The integration of technological advancements and business practice contributed to the definition and impact of public image. Before the advent of the internet, businesses attained the position of king and queen mainly because of the monopoly in the provision of product information (Puchalska-Kamińska et al. 2). However, the emergence of the internet altered the narrative, and a profound percentage of the companies incurred losses due to the proficiency in the sharing of information globally through the various social media platforms. An excellent example of a factor that leads to the loss of customers is the provision of an incompetent customer service experience. Consumers post reviews on different websites regarding the quality of service. As a result, the marketability of the products and services is negatively affected by the optimal sharing of the details within the global village (Dielini, 19). Public image is an essential element in promoting business practices and one of the solutions to enhance its effectiveness is social responsibility. It is an initiative that renders dynamic impact, such as the management team’s interest in contributing to improving the quality of living among the local communities.

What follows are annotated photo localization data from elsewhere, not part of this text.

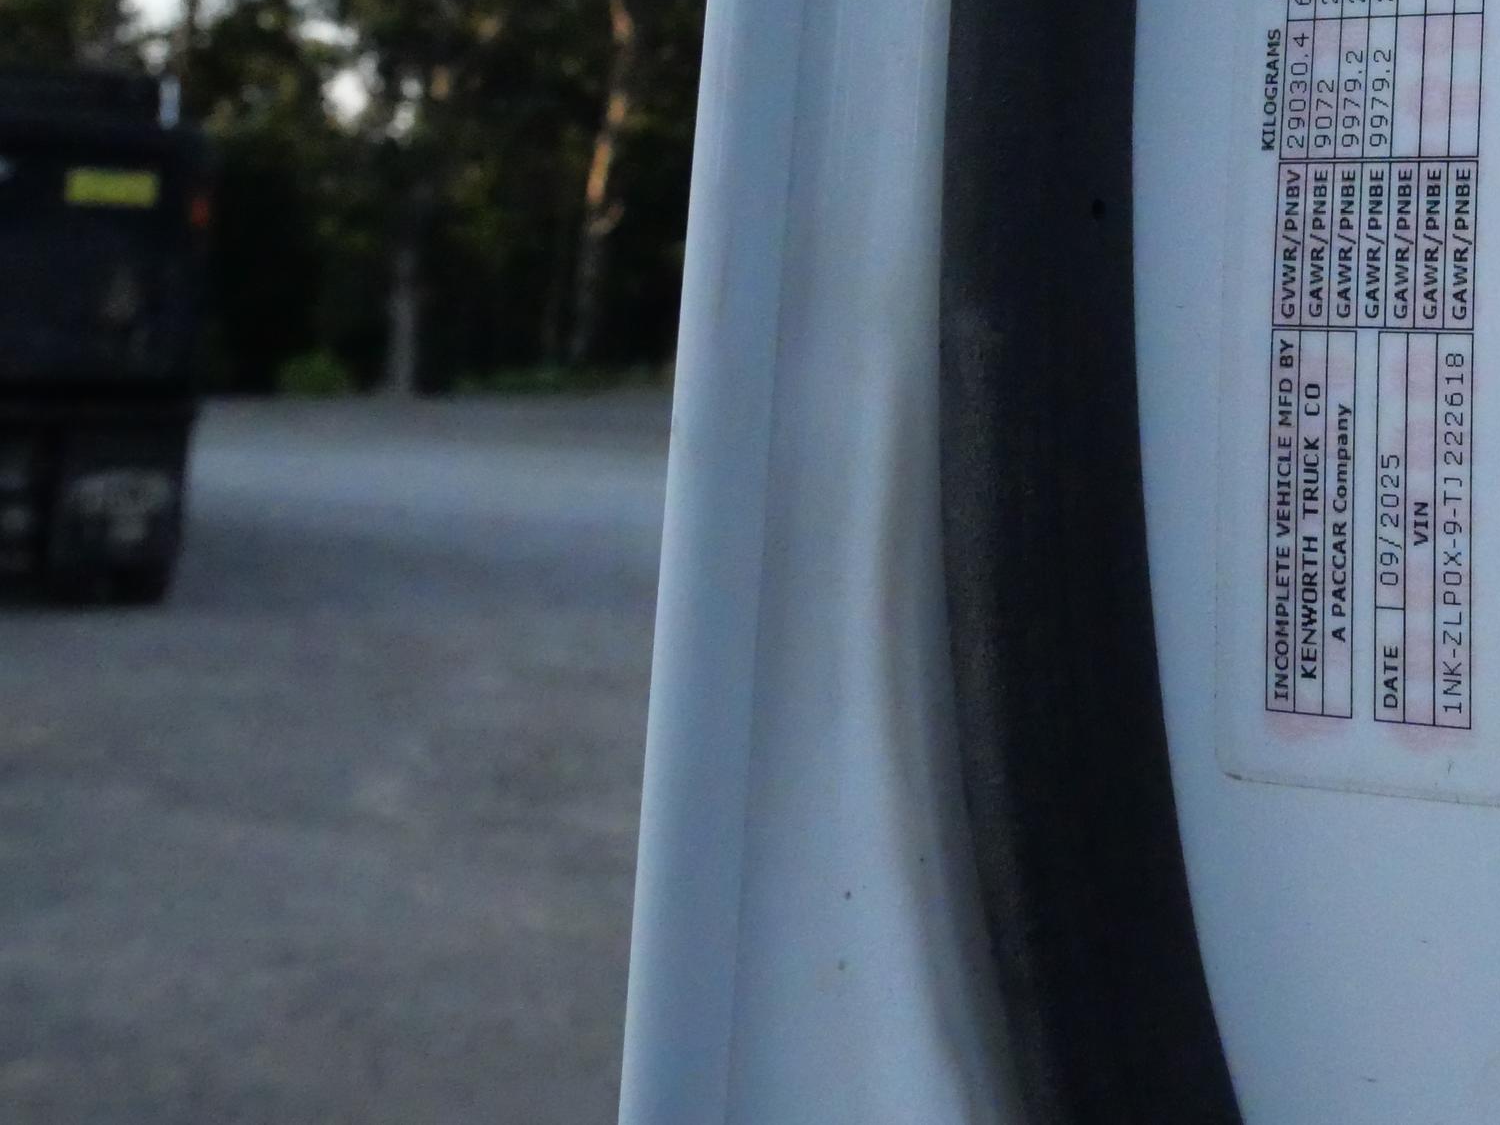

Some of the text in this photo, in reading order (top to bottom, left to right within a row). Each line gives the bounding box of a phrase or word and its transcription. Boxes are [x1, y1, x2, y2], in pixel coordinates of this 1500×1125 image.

[1261, 28, 1281, 151] KILOGRAMS
[1287, 32, 1310, 149] 29030.4
[1315, 78, 1334, 148] 9072
[1341, 49, 1363, 148] 9979.2
[1369, 47, 1392, 147] 9979.2
[1281, 169, 1302, 320] GVWR/PNBV
[1308, 168, 1328, 320] GAWR/PNBE
[1336, 168, 1356, 320] GAWR/PNBE
[1364, 168, 1385, 320] GAWR/PNBE
[1392, 168, 1413, 320] GAWR/PNBE
[1421, 168, 1442, 320] GAWR/PNBE
[1451, 168, 1472, 320] GAWR/PNBE
[1273, 339, 1294, 701] INCOMPLETE VEHICLE MFD BY
[1301, 383, 1320, 680] KENWORTH TRUCK CO
[1331, 404, 1351, 643] A PACCAR Company
[1379, 452, 1402, 709] DATE 09/2025
[1412, 502, 1429, 546] VIN
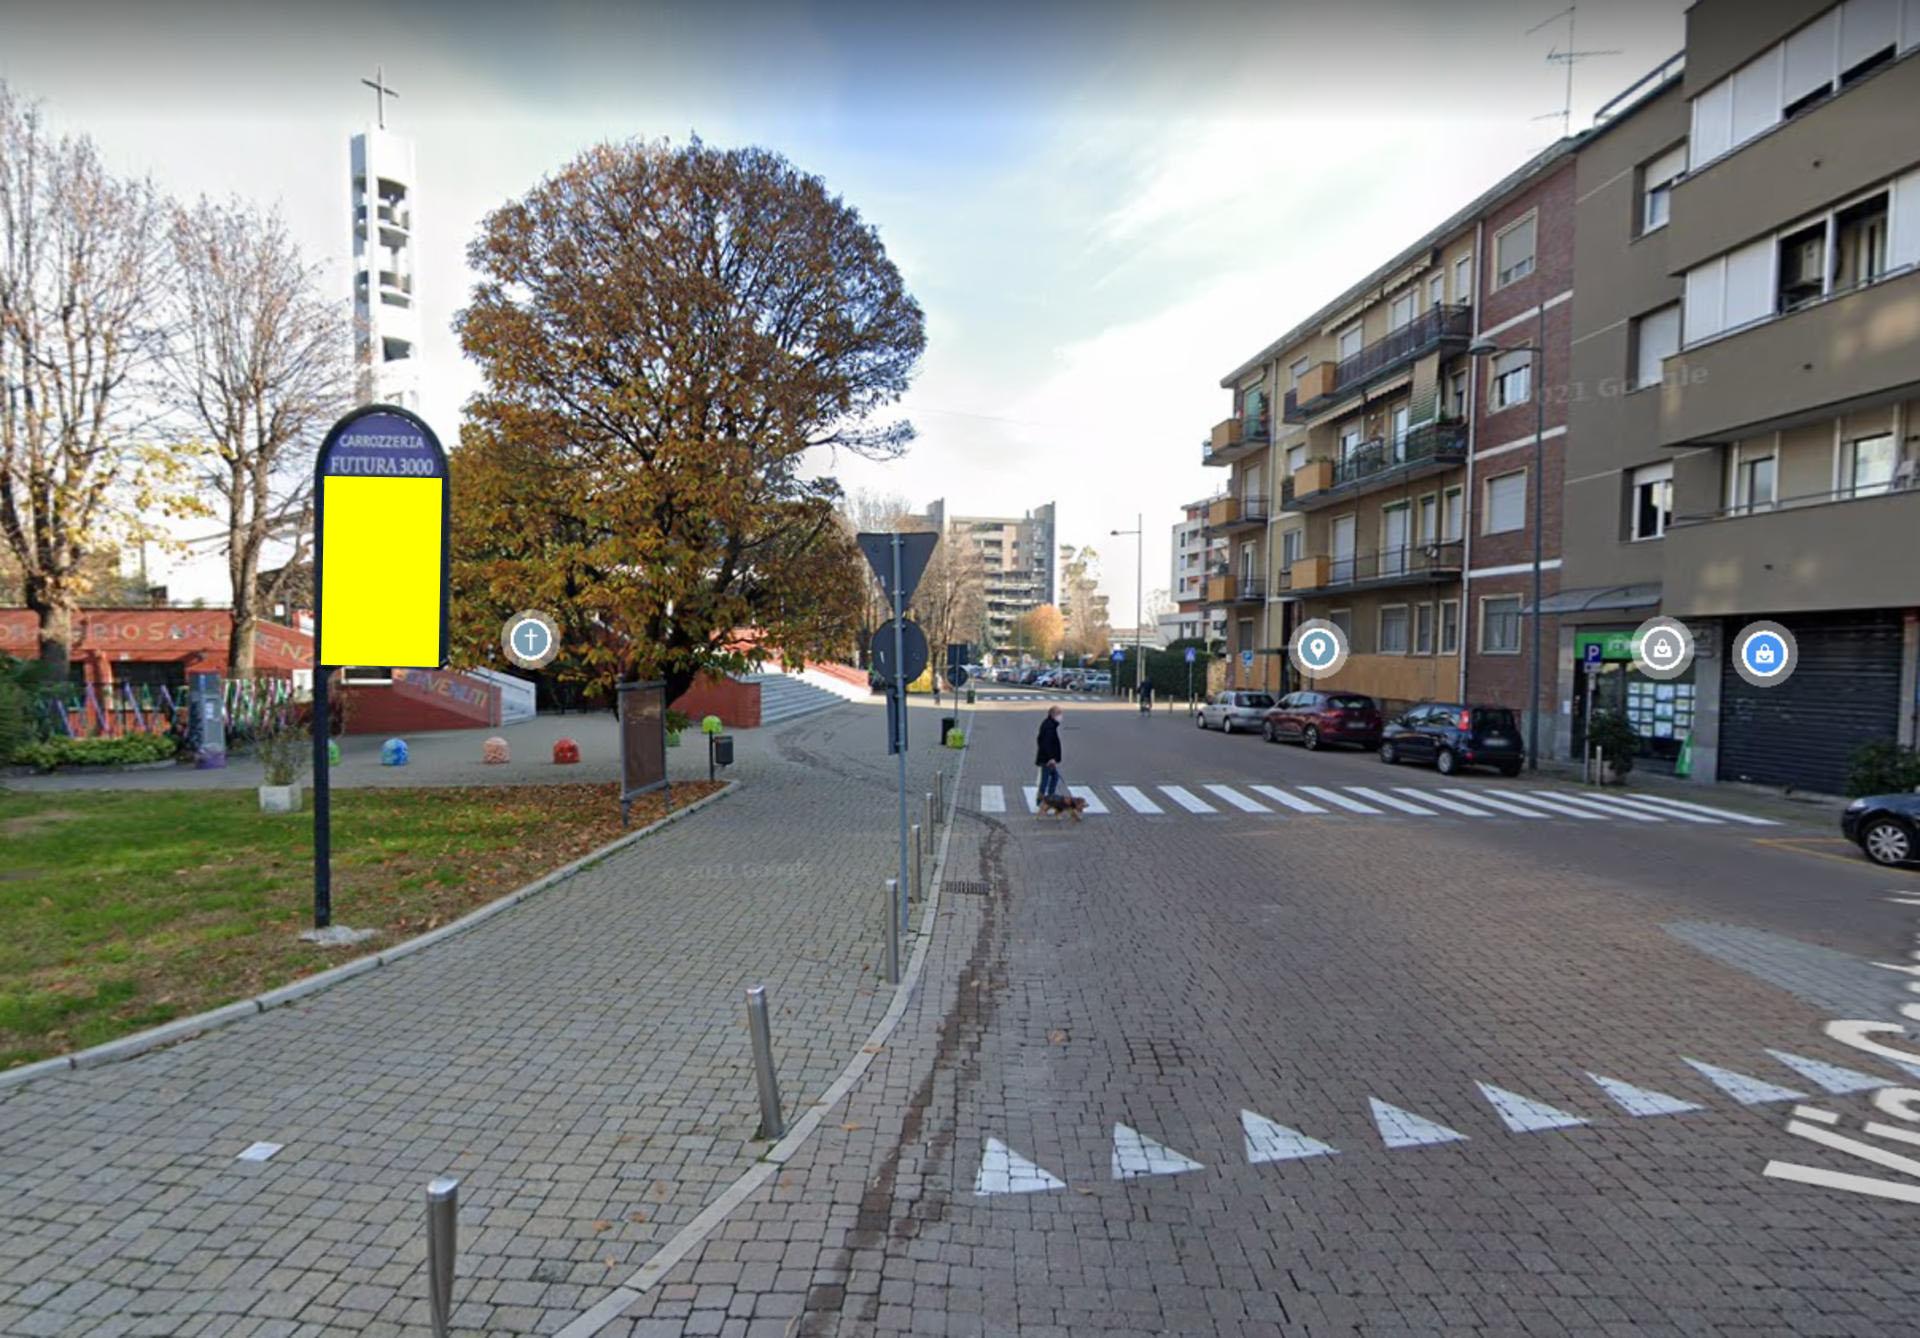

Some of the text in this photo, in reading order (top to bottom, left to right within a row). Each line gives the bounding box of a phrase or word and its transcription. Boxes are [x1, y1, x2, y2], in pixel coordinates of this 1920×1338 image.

Primarily, sustainability is one of the emerging trends that influence the public image in addition to social responsibility. Tong et al. view the interdependence under the spectrum of employees as the mediator of the entire concept (2). In this case, the researchers establish that the effectiveness of social responsibility for public image encompasses the optimal engagement of the employees. It is an insight that justifies the attribute of corporate social responsibility. Although social responsibility poses an interrelation among stakeholders, it is essential to involve the workers during the implementation mainly because it enhances the diversification of their engagement while boosting their motivation (Božić et al. 282). An employee aligns loyalty based on the company’s approach to handling social relations and the public image. In this case, the optimal engagement of the employees indicates their significant position towards the company’s marketability within the consumer market.
Social responsibility influences business performance, employee satisfaction, retention, and public image. It is a strategic initiative that focuses on the diversification of the company’s activities while appreciating the employees’ expertise. In this case, the concept of social responsibility attributes to the promotion of sustainability that enhances the trickle-down effect of accrued benefits. Employees’ engagement in dynamic activities influences the perception of the company’s mission and vision, thus motivating the workers for optimal productivity. There is an interdependent relationship between corporate social responsibility, public image, business performance, and employee satisfaction and retention. It is the responsibility of the management team to implement policies that boost the competence and marketability of the company. In this case, the frequent collaboration rate among the personnel fosters the prominent factor of promoting sustainability due to the practical trickle-down effect. On the one hand, the reputation of a company lies in the quality of service rendered by the employees to the consumers. On the other hand, the public image depends on proficiency and consistency in enhancing sustainable practice. It is vital to ensure the optimal participation of all stakeholders.